Hello. I’m Christian Perfect and here are some more maths links, after an almost geological gap of one month and one day. I told you this wasn’t going to be a periodical!

There’s going to be some sexy maths at the bottom of this issue of the Aperiodical. I’m just letting you know now so you can prepare yourself by getting in an appropriate state of mind. Maybe some of the links on the way down there will help with that.

Mathematicians like counting. We like counting how many of a thing exist and how many ways a thing can be done and how many kinds of finite simple group there are. In much the same spirit, this happy lady enumerates in a very pleasing video the twenty-five ways she knows of wearing a scarf fashionably. Is this all of them? Are they all different modulo rotation and translation? I think these questions require rigorous mathematical analysis, hopefully in the form of more snappily-edited videos featuring smiling ladies.

OK, so it was a bit of a stretch to claim that video about scarves was also about maths. But this video contains both Leibniz *and *scarves, so you know it’s maths. It’s also really interesting on its own merits: it’s a presentation by someone who knits stories into scarves using Morse code.

What’s the biggest number of chicken nuggets that you can’t order at McDonald’s without wasting any? In the 1980s, the answer was 43.

McDonald’s is more interesting than that though. In the US they make a thing called the McRib, a sandwich whose appearances seem as transitory and unpredictable as those of the Virgin Mary or the English summer. This article at The Awl makes the case that McDonald’s uses the introduction of the McRib to influence the price of pork. With a graph! So it’s maths!

One final fluff link before we get into the real maths. Here’s a logic quiz that you are guaranteed to fail because of your own PERFIDIOUS BRAIN.

OK, enough weaksauce links and burgers! Time for real maths!

Sphere-packing is a little bit easier now (and here’s the arXiv paper for those who, like me, get nothing out of pop-science writeups and their awful “hey-I-can-relate-to-that-but-you-haven’t-really-made-the-story-any-clearer” way of analogising abstract results). That isn’t the real maths though: it’s imprecise fiddling by a physicist. Real mathematicians only recognise one kind of hard: NP-hard. And circle-packing is hard.

It’s December now, so you probably want to put up some Christmas decorations. Make mathematical ones! Math Craft, which has been aggregating some really good stuff on how to make mathsy objects since it opened recently, has got you covered. They’ve got instructions for six-sided paper snowflakes, an origami christmas tree and they link to a fun article about the fractal patterns you can find in Christmas tree baubles. They’ve got loads of other interesting stuff as well, and they seem to be posting pretty often, so do have a look around. If you’re thinking about making the Christmas tree, be warned: I got roped into an attempt to make it before a seminar on Thursday and it turned out to be way more effort than I thought it would be. I gave up and I feel no shame about that.

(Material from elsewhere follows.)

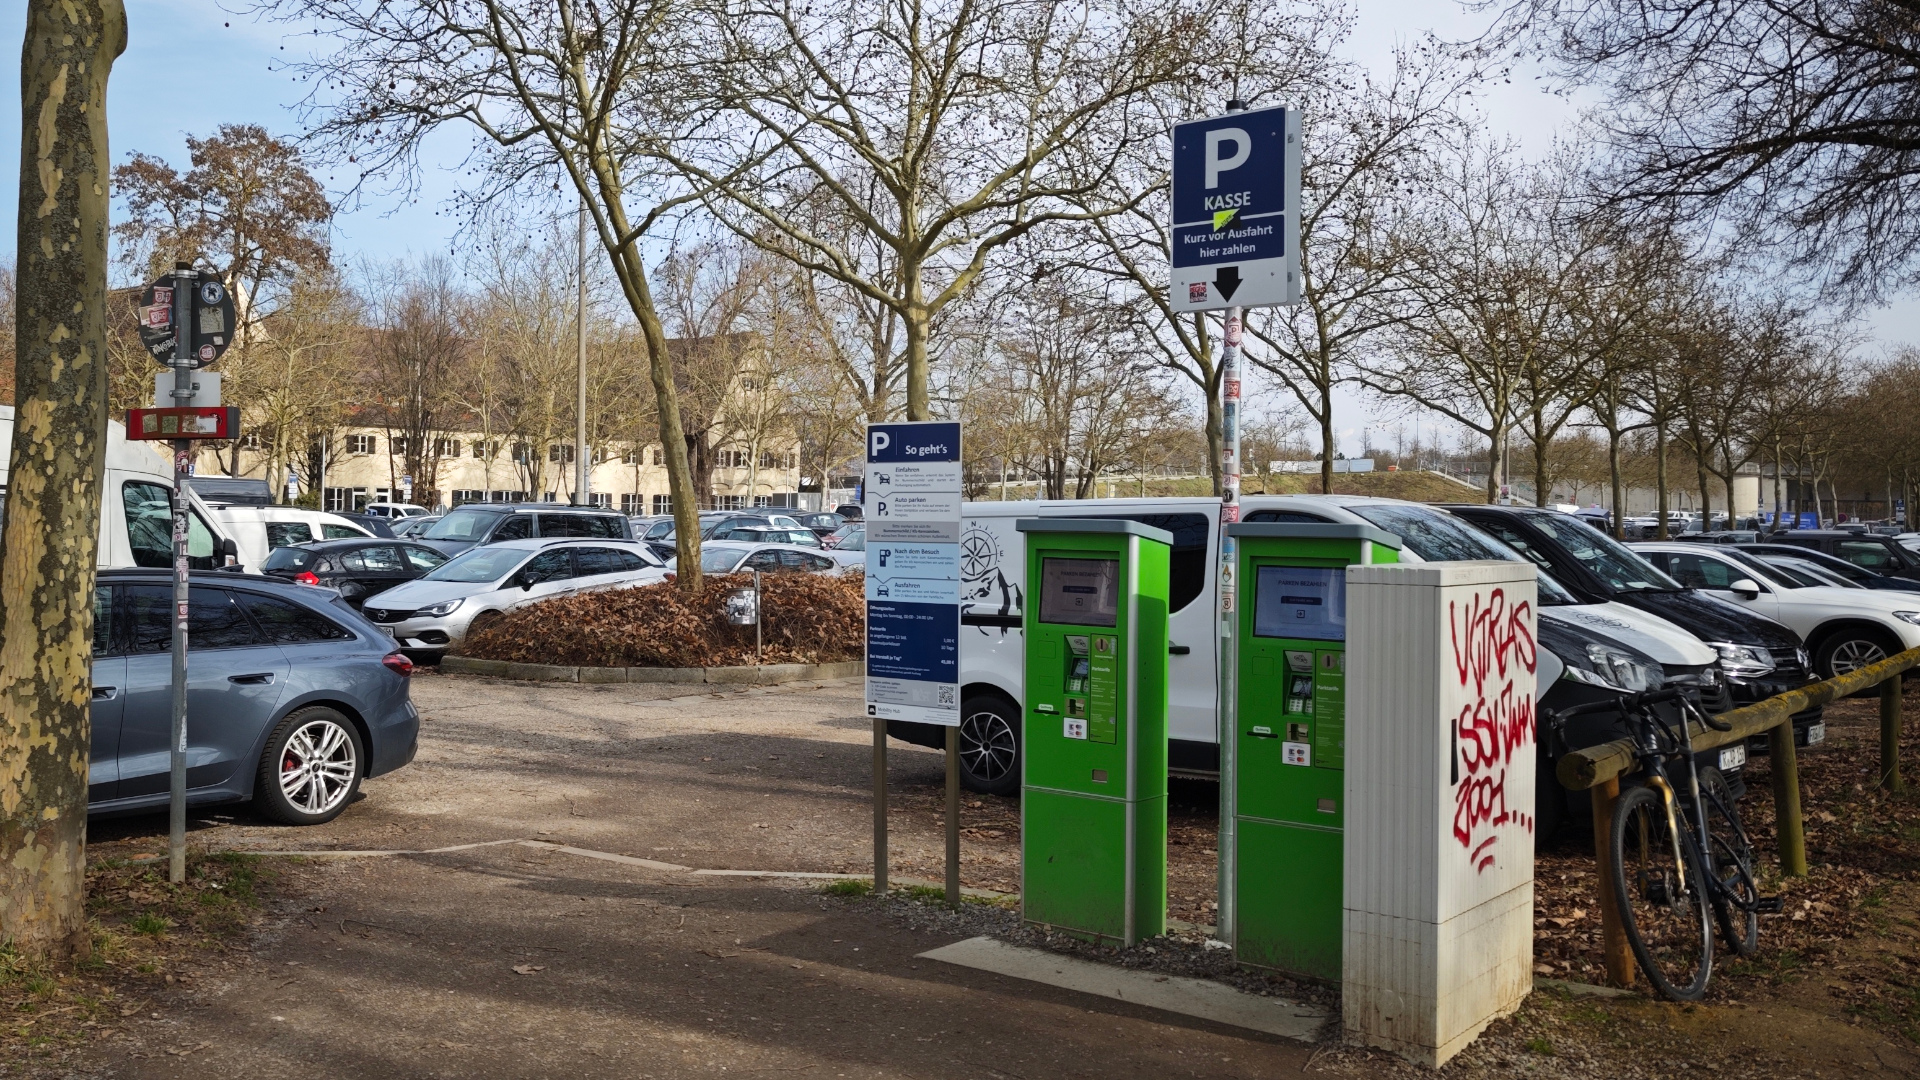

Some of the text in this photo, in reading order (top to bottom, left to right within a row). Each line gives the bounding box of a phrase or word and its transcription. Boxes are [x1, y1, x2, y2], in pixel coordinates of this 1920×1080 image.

A while ago, the people who make episodes of Futurama made an episode of Futurama where everybody’s minds get swapped. One of the writers came up with a group-theoretic justification for the way they resolve the head-swapping. It was pretty fun, and generated quite a few popular maths pieces in the media. Dana Ernst has written a really fantastic set of slides to go with a talk about the episode and its maths. He uses all the trendy web technologies – embedded videos, MathJax, and so on. He even includes an interactive Sage input so you can play about with the groups involved yourself. This is the future of maths exposition!

My last bit of real maths is something I found via Jeff Erickson. It’s an essay on the topic of wooden train-track sets, answering the question of which layouts of left- and right-turning pieces construct a closed curve. It’s a piece of mathematics so beautiful that you will want to kiss your monitor. I’m going to print it out and give it to people I meet. I think I love it.

Finally, now we’re in the mood, turn down the lights because here’s the sexy maths I promised. It’s a short story called “this is math”, by Joey Comeau.

The scarf thing reminds me of

http://en.wikipedia.org/wiki/The_85_Ways_to_Tie_a_Tie

which is a nice little book.

More mathematical fashion (both more mathematical-fashion and more-mathematical fashion): there are 43,200 ways to lace up your shoes (via the legendary Ian)

If we do this for every item of clothing, can we get a number of different ways you can clothe yourself, from head to toe? Is it possible for each person on the planet to wear the same articles of clothing, in a different way?